One case of active tuberculosis (TB) disease at a high school in Kansas prompted health officials to test everyone at the school. Testing turned up 27 students or staff at Olathe Northwest High School tested positive for tuberculosis out of more than 300 people.
This is not an unexpected number of people testing positive after an exposure to tuberculosis, according to public health officials. "The number of individuals with TB infection does not exceed what we would anticipate in this setting," Lougene Marsh, director of the Johnson County Department of Health and Environment, said in a statement. "Of course, we had hoped we wouldn't find any additional TB cases, but we knew this was a possibility. That's why we took such thorough steps to test everyone who might have been in close contact with the first confirmed case of TB disease."
The 27 people who tested positive are not contagious and do not have symptoms of tuberculosis disease, but they are infected with the tuberculosis bacteria which could develop into active tuberculosis disease. Once active disease develops, the infection can be spread by coughing or sneezing. The people who tested positive will have to take antibiotics and have chest x-rays taken. For most people, the infection does not develop into active tuberculosis, but anyone with a compromised immune system is at a much higher risk of developing the disease.

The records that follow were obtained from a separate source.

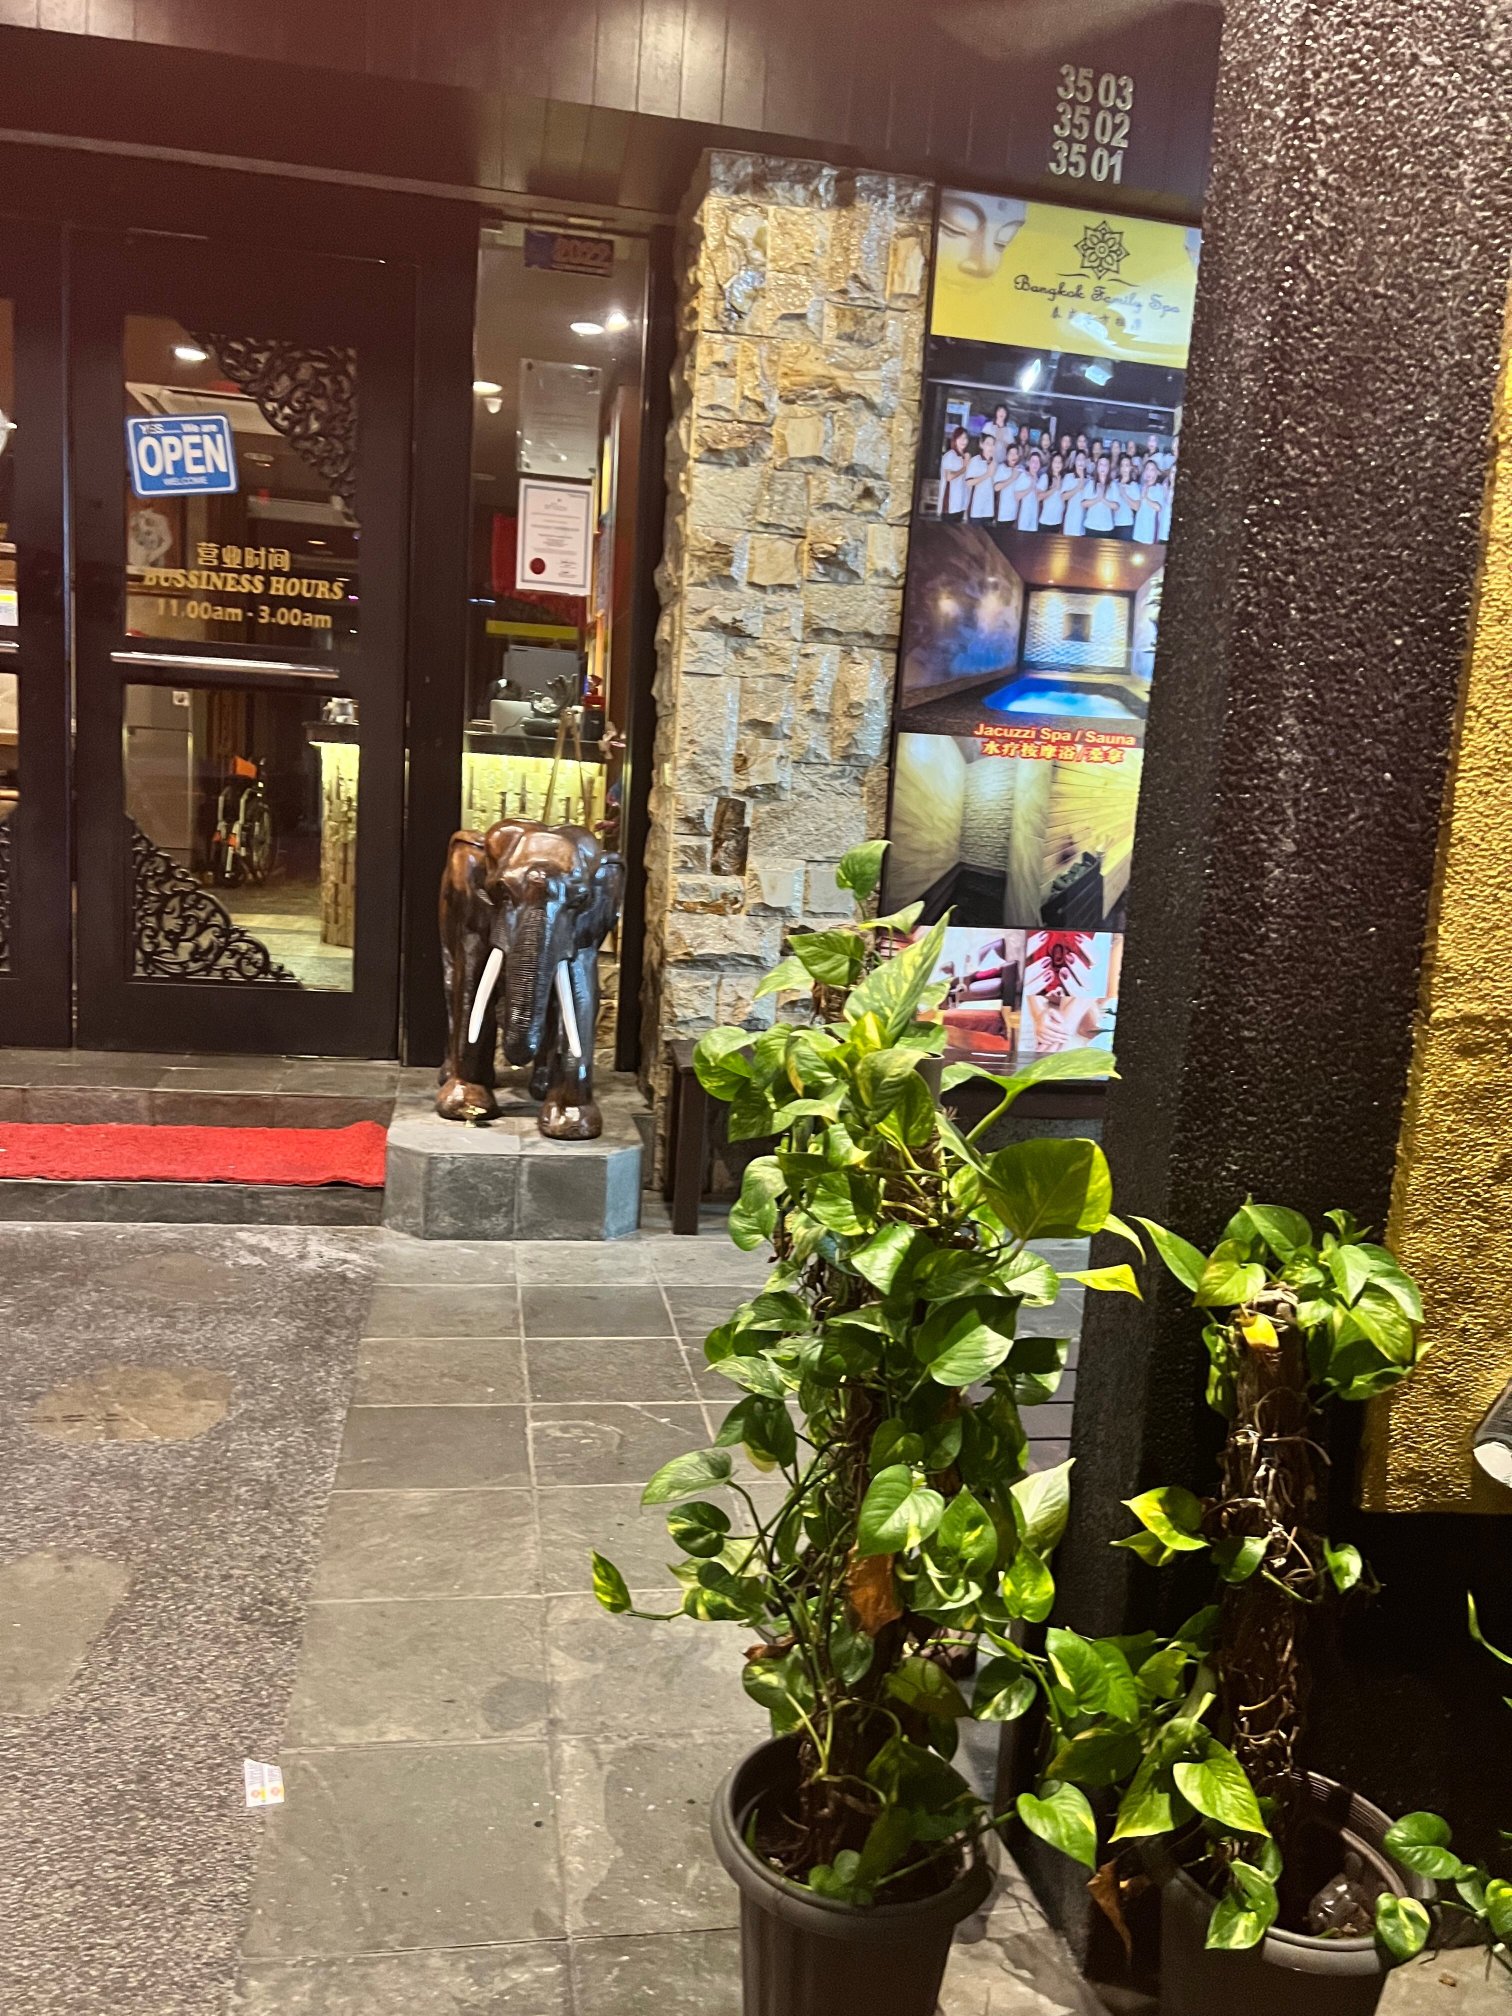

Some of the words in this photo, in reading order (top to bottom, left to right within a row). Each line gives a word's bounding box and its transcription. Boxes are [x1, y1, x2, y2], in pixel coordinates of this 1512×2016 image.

[1014, 274, 1085, 301] Bangkok
[1091, 286, 1143, 314] Family
[1150, 294, 1180, 317] Spa
[138, 433, 228, 476] OPEN
[196, 542, 291, 571] 营业时间
[142, 568, 264, 594] BUSSINESS
[268, 575, 345, 600] HOURS
[157, 598, 243, 622] 11.00am
[257, 605, 333, 628] 3.00am
[974, 723, 1037, 739] Jacuzzi
[1040, 727, 1072, 743] Spa
[1085, 730, 1136, 746] Sauna
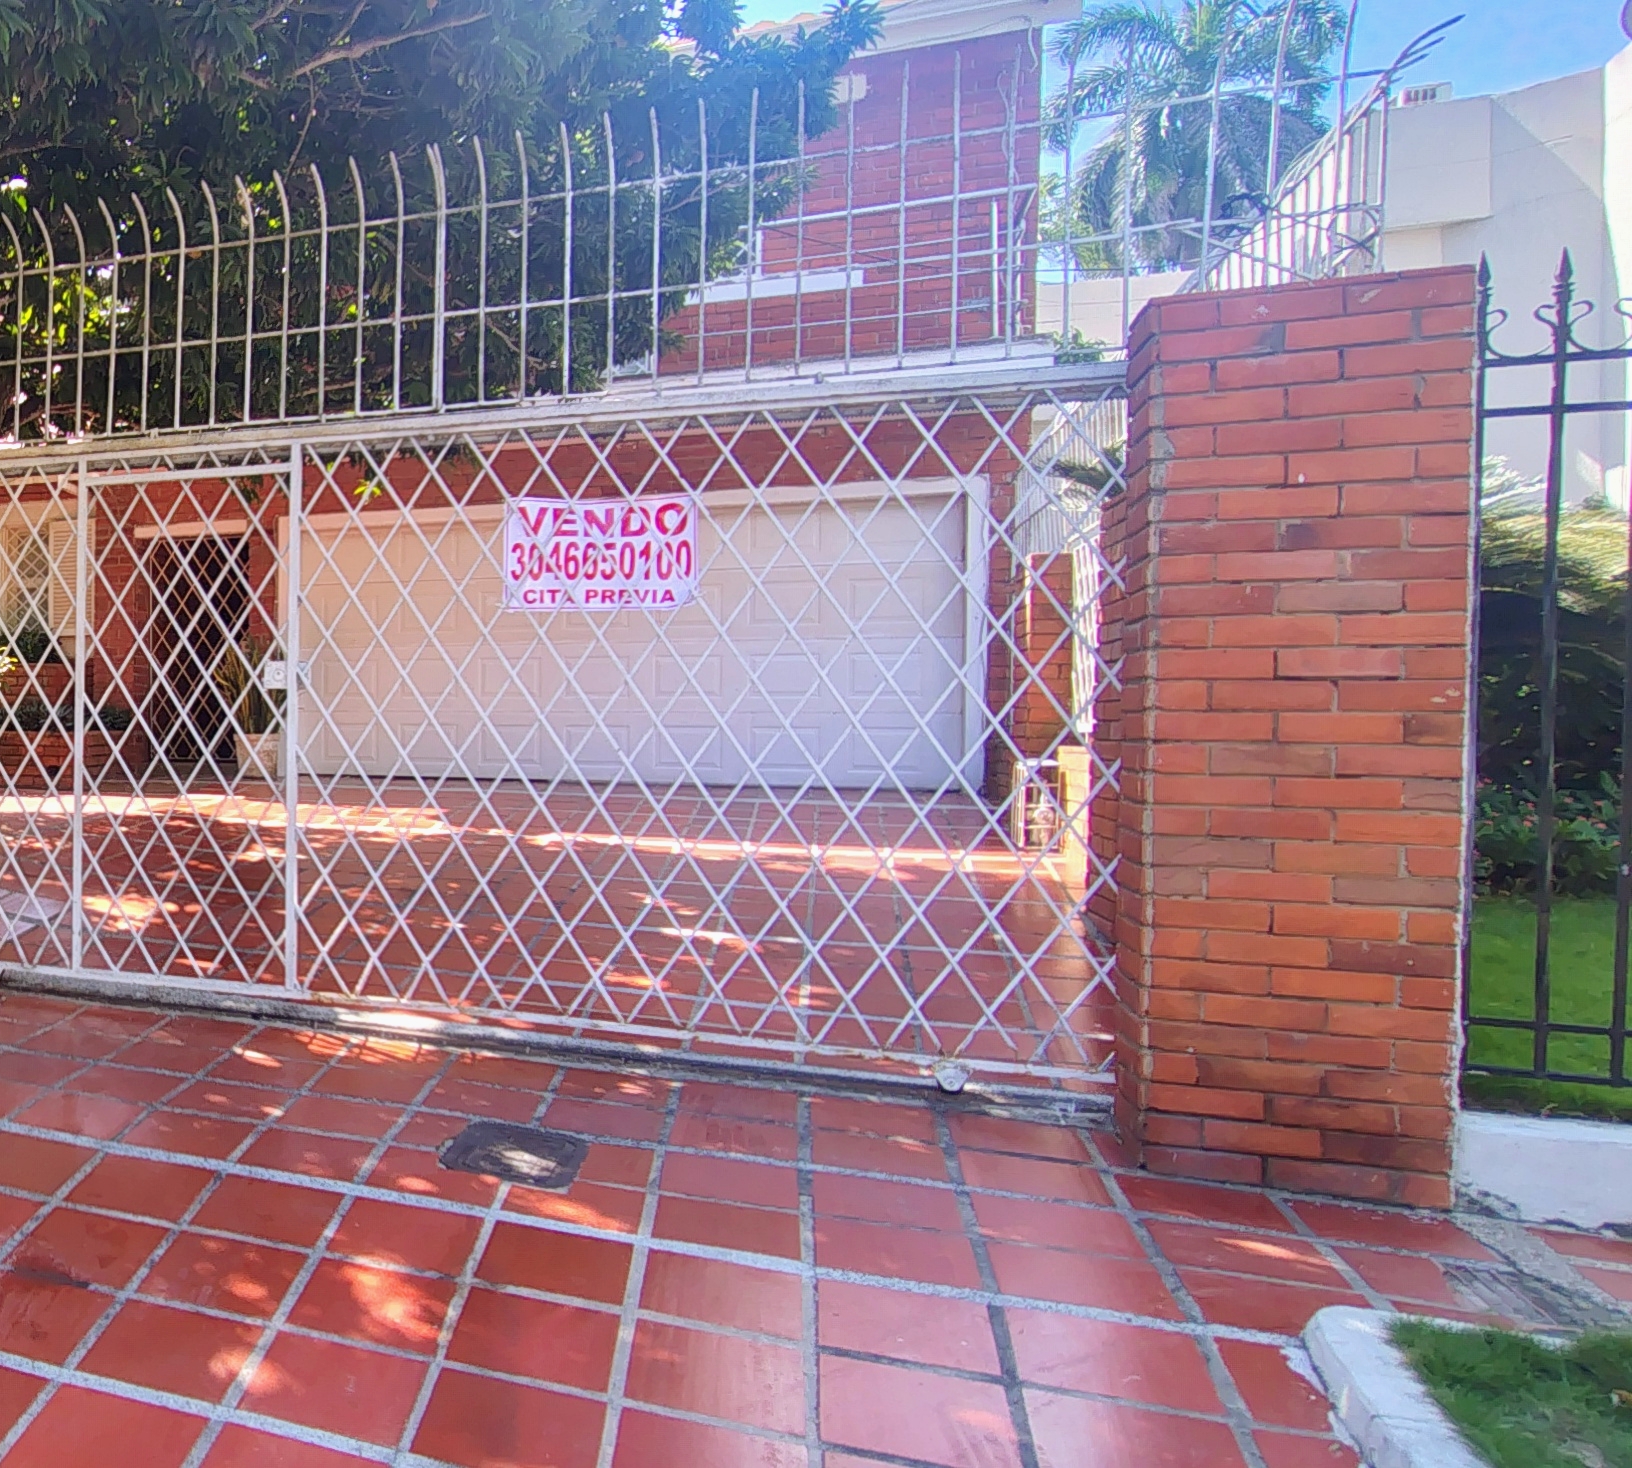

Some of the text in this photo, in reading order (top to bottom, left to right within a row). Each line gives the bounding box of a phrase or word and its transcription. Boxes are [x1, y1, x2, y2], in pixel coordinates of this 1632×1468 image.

[518, 503, 688, 538] VENDO
[511, 540, 692, 581] 3046650100
[523, 589, 676, 604] CITA PREVIA
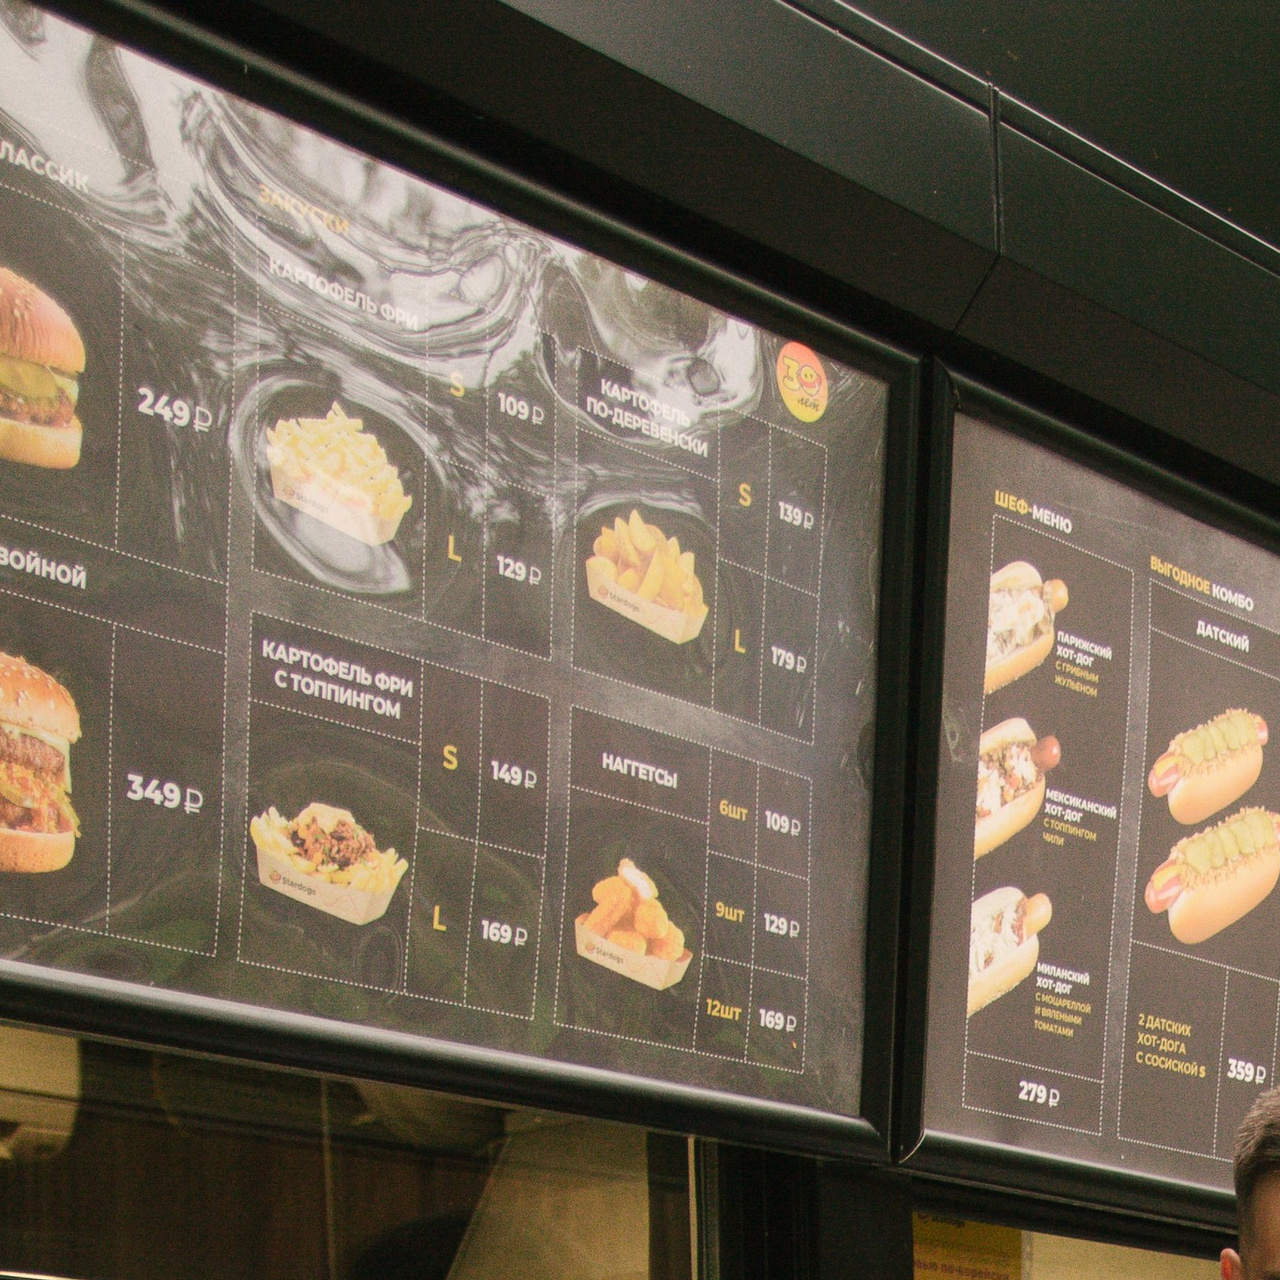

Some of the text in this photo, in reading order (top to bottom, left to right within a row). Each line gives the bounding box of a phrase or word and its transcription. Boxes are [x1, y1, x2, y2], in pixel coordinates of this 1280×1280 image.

[258, 183, 350, 236] ЗАКУСКИ
[269, 256, 419, 331] КАРТОФЕЛЬ ФРИ
[450, 372, 465, 397] S
[600, 378, 691, 428] КАРТОФЕЛЬ
[586, 396, 709, 457] ПО-ДЕРЕВЕНСКИ
[738, 482, 752, 507] S
[994, 489, 1072, 534] ШЕФ-МЕНЮ
[447, 535, 462, 562] L
[1150, 554, 1254, 612] ВЫГОДНОЕ КОМБО
[734, 628, 746, 654] L
[1056, 630, 1113, 660] ПАРИЖСКИЙ
[1196, 619, 1250, 652] ДАТСКИЙ
[262, 639, 413, 698] КАРТОФЕЛЬ ФРИ
[1056, 645, 1095, 668] ХОТ-ДОГ
[1062, 662, 1099, 683] ГРИБНЫМ
[274, 669, 401, 719] С ТОППИНГОМ
[1054, 674, 1098, 698] ЖУЛЬЕНОМ
[442, 745, 458, 771] S
[601, 752, 678, 789] НАГГЕТСЫ
[1044, 802, 1083, 823] ХОТ-ДОГ
[1045, 787, 1117, 820] МЕКСИКАНСКИЙ
[1042, 832, 1064, 847] ЧИЛИ
[1051, 820, 1098, 842] ТОППИНГОМ
[281, 874, 317, 897] Stardogs
[432, 904, 447, 932] L
[1036, 962, 1090, 986] МИЛАНСКИЙ
[1036, 976, 1073, 995] ХОТ-ДОГ
[1042, 993, 1092, 1015] МОЦАРЕЛЛОЙ
[1033, 1019, 1074, 1038] ТОМАТАМИ
[1145, 1015, 1192, 1038] ДАТСКИХ
[1137, 1031, 1187, 1056] ХОТ-ДОГА
[1144, 1053, 1198, 1078] СОСИСКОЙ

Tuberculosis, which was also called consumption, was once a public health scourge with many thousands of cases each year and a high mortality rate. Symptoms of active tuberculosis disease include coughing, coughing up blood, fever, weight loss, organ damage, and, if left untreated, death. Before antibiotics, patients with tuberculosis were sent to large hospitals called sanitariums that specialized in treating the disease.